13 October 2015, 10.30am: Free
at the Royal Society of Edinburgh, 22–26 George Street, Edinburgh EH2 2PQ
for interested parties and members of the public
Diana Walls

Diana H Wall, University Distinguished Professor and Director, School of Global Environmental Sustainability, Colorado State University, delivered the 38th T.B. Macaulay lecture which was held for the second time at the Royal Society of Edinburgh. You can view the video online here.

The annual Macaulay lecture is given to stimulate thinking and dialogue about contemporary environmental issues in order to honour the vision of Dr Thomas Bassett Macaulay. Dr Macaulay was one time President and Chairman of the Sun Life Assurance Company of Canada who provided an endowment to found the Macaulay Institute for Soil Research in Aberdeen in 1930; a predecessor of the James Hutton Institute, a world leader in research in the land, crop, water, environmental and socio-economic sciences.

The lecture is presented in partnership by the James Hutton Institute and the Macaulay Development Trust.


Soils are home to a vast diversity of life that is essential for a variety of ecosystem functions – from the tiniest microbes to larger soil animals and plant roots.  The UN has designated 2015 as the International Year of Soils to acknowledge their importance and to raise awareness on the need to protect this valuable resource for future generations.  Although it is well established that soil organisms provide essential services including decomposition of organic matter, nutrient cycling, cleansing of water, and regulation of pests, the complex relationships in soil are often overlooked in management and policy decisions.
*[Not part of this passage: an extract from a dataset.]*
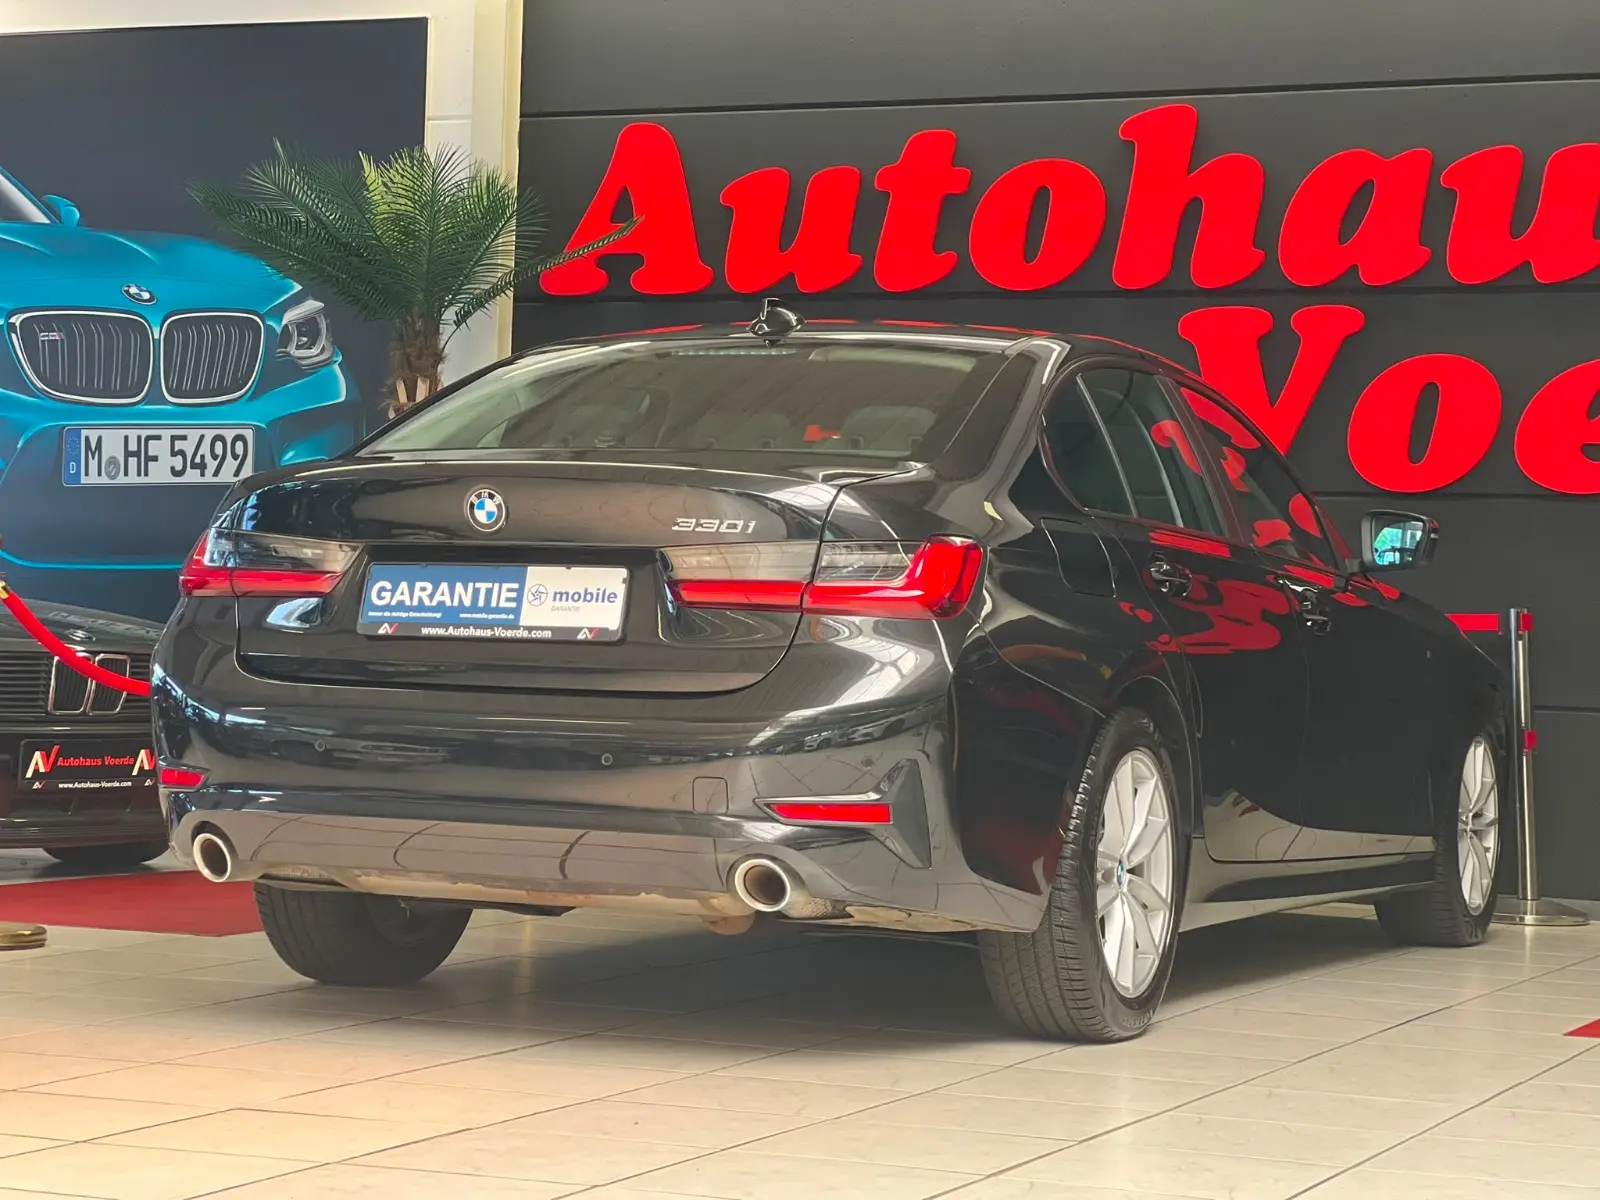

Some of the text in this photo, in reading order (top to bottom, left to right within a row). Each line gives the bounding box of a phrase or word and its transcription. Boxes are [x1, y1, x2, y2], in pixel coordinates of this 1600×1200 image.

The Global Soil Biodiversity Initiative (GSBI) was established in 2011 with the goal of advancing the knowledge of soil biodiversity science. The GSBI aims to increase the implementation of findings on the benefits of soil biodiversity and identify ways to restore, conserve and promote soils and soil biodiversity.  Scientists investigating life in the soil emphasize the critical role of soil biodiversity at all trophic levels to soil functioning and plant production, and thus, our reliance on living soils for a sustainable future.
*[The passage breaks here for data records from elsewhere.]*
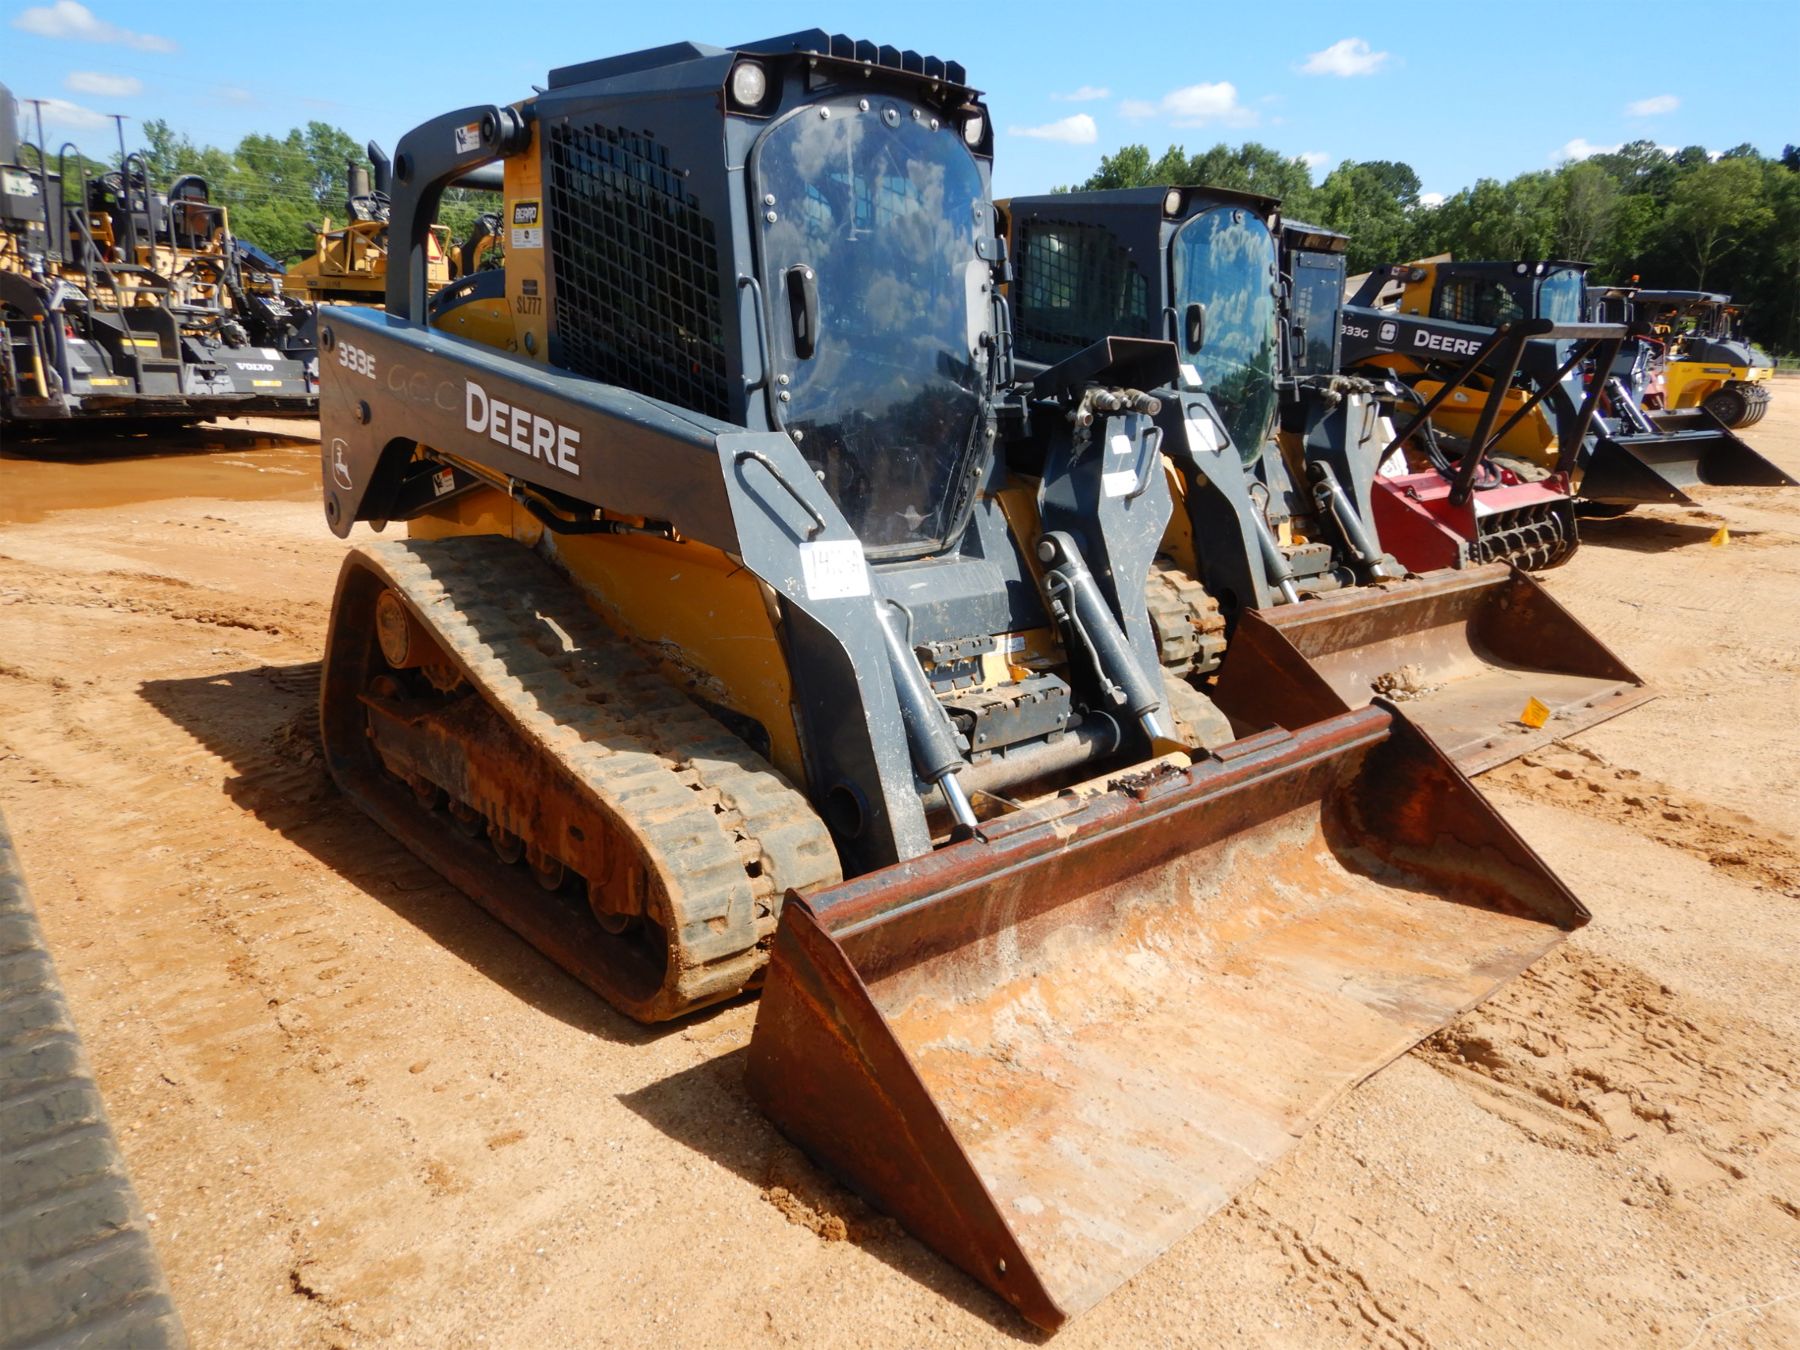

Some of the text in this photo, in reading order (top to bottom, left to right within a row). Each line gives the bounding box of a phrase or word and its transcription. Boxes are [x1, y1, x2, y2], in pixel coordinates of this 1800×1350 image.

[517, 297, 541, 314] SL777
[1414, 330, 1481, 355] DEERE
[235, 362, 274, 372] VOLVO
[337, 342, 376, 380] 333E
[465, 380, 580, 475] DEERE
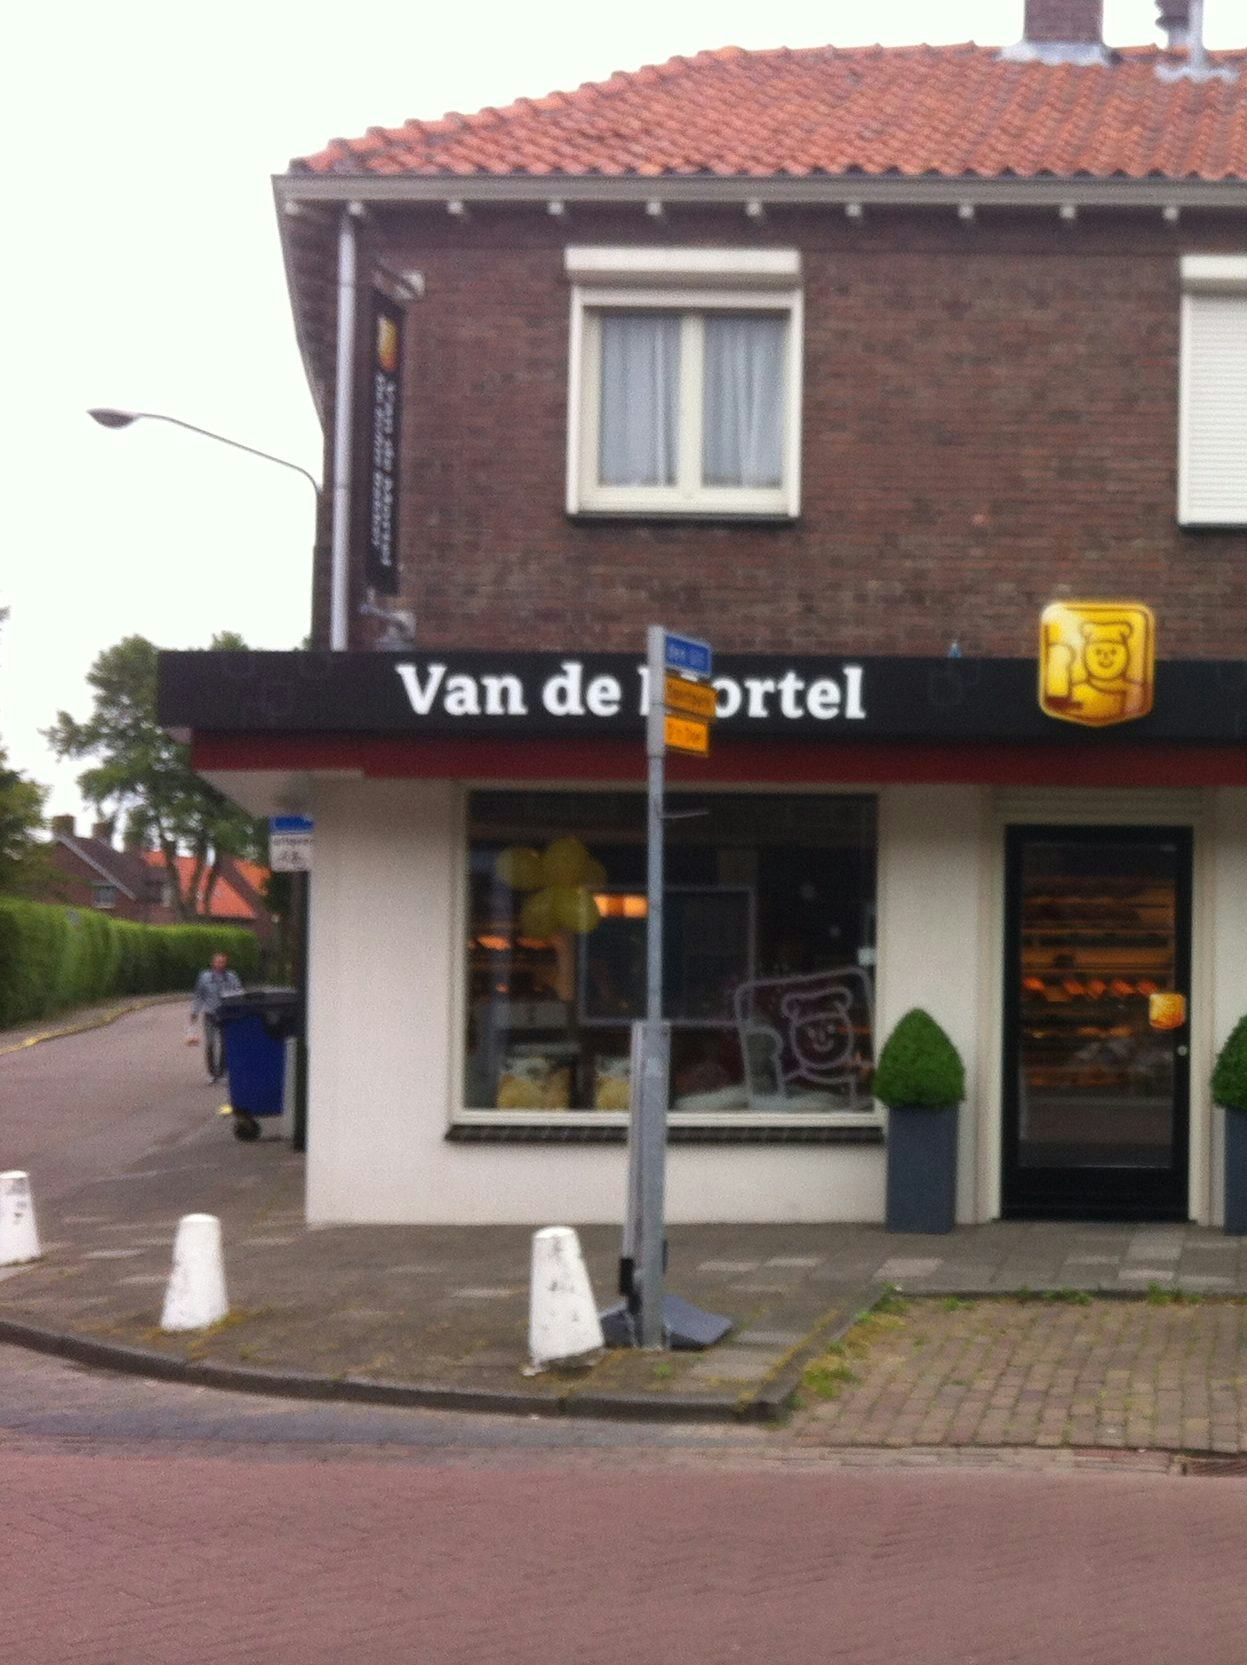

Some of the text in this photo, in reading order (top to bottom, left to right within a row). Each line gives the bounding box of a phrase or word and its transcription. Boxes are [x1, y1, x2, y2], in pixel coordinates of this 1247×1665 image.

[395, 663, 528, 716] Van
[542, 661, 622, 716] de
[637, 664, 867, 719] ortel
Professor Wall was appointed as the Founding Director of the School of Global Environmental Sustainability in 2008. A professor in the Department of Biology and Senior Scientist at the Natural Resource Ecology Laboratory, Diana is responsible for helping faculty and students contribute to progress towards a sustainable future.
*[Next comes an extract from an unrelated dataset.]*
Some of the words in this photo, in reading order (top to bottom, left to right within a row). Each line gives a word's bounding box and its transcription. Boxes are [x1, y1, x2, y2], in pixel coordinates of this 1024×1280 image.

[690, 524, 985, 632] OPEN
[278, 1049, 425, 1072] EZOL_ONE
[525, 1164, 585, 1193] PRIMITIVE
A soil ecologist and environmental scientist, Diana is actively engaged in research exploring how life in soil (microbial and invertebrate diversity) contributes to healthy, fertile and productive soils and thus to society, and the consequences of human activities on soil globally. Her research on soil biota, particularly soil nematodes, extends from agroecosystems to arid ecosystems. Diana has spent more than 25 seasons in the Antarctic Dry Valleys examining how global changes impact soil biodiversity, ecosystem processes and ecosystem services. She currently serves as Science Chair for the Global Soil Biodiversity Initiative. She has also served as President of the Ecological Society of America, the American Institute of Biological Sciences, the Society of Nematologists and other scientific societies. Diana received the 2013 Tyler Prize for Environmental Achievement and the 2013 Soil Science Society of America Presidential Award. She is a Fellow of the American Association for the Advancement of Science and holds an Honorary Doctorate from Utrecht University, The Netherlands. She received a B.A. and Ph.D. at the University of Kentucky, Lexington.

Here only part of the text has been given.